Io non so ben ridir com'i' v'intrai,
Tant'era pien di sonno a quel punto
Che la verace via abbandonai.
– Para ser un visitante de otro mundo -Reynevan controló su asombro-, no conoces mal las lenguas de los hombres. Y la poesía de Dante.
– Soy… -dijo Sansón al cabo de un instante de silencio-. Soy un vagabundo, Reinmar. Y los vagabundos saben mucho. Esto se llama: la sabiduría de los caminos recorridos, de los lugares visitados. No te puedo decir más. A cambio te diré quién es culpable de la muerte de tu hermano.
– ¿Qué? ¿Qué es lo que sabes? ¡Habla!
– No ahora, tengo que reflexionar otra vez sobre ello. Escuché tu relato. Y tengo ciertas sospechas.
– ¡Habla, por Dios!
– El secreto de la muerte de tu hermano está oculto en el documento quemado, aquél que sacaste del fuego. Intenta recordar qué había allí, fragmentos de frases, palabras, letras, cualquier cosa. Descifra el documento y yo te señalaré al culpable. Tómate esto como un servicio.
– ¿Y por qué me prestas este servicio? ¿Y qué esperas a cambio?
– Que me lo recompenses.
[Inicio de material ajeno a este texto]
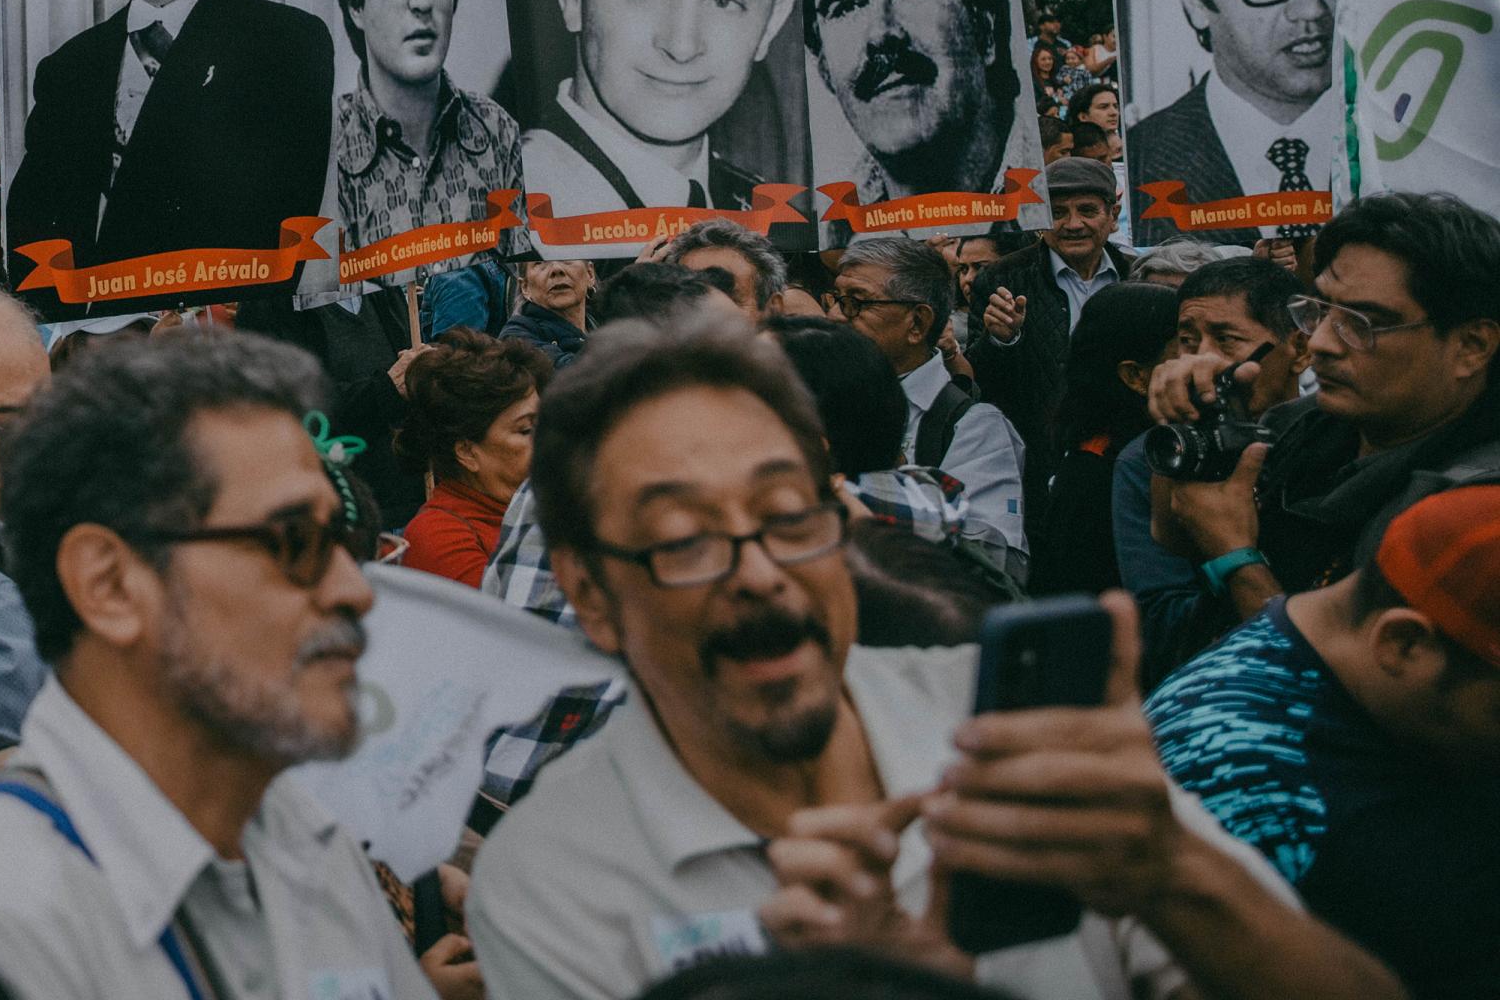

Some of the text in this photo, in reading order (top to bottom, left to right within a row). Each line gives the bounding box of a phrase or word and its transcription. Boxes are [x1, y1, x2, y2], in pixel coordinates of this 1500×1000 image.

[865, 199, 1006, 228] Alberto Fuentes Mohr
[1190, 203, 1252, 226] Manuel
[1256, 200, 1307, 218] Colom
[582, 218, 649, 242] Jacobo
[340, 226, 496, 279] Oliverio Castañeda de león
[87, 257, 270, 299] Juan José Arévalo
Influyendo en Scharley.
– ¿De qué forma?
– Para deshacer lo que pasó, para poder volver a mi propia forma y a mi propio mundo, hay que repetir, tan preciso como sea posible, todo el exorcismo. Todo el proceder…
Lo interrumpió un salvaje aullido de lobo que surgió de la broza. Y el grito desesperado del demérito.
Ambos echaron a correr de inmediato, Sansón, pese a su tamaño, no se dejaba adelantar. Cayeron en la oscuridad de la espesura, orientándose por los gritos y el crujido de las ramas rotas. Y luego lo vieron.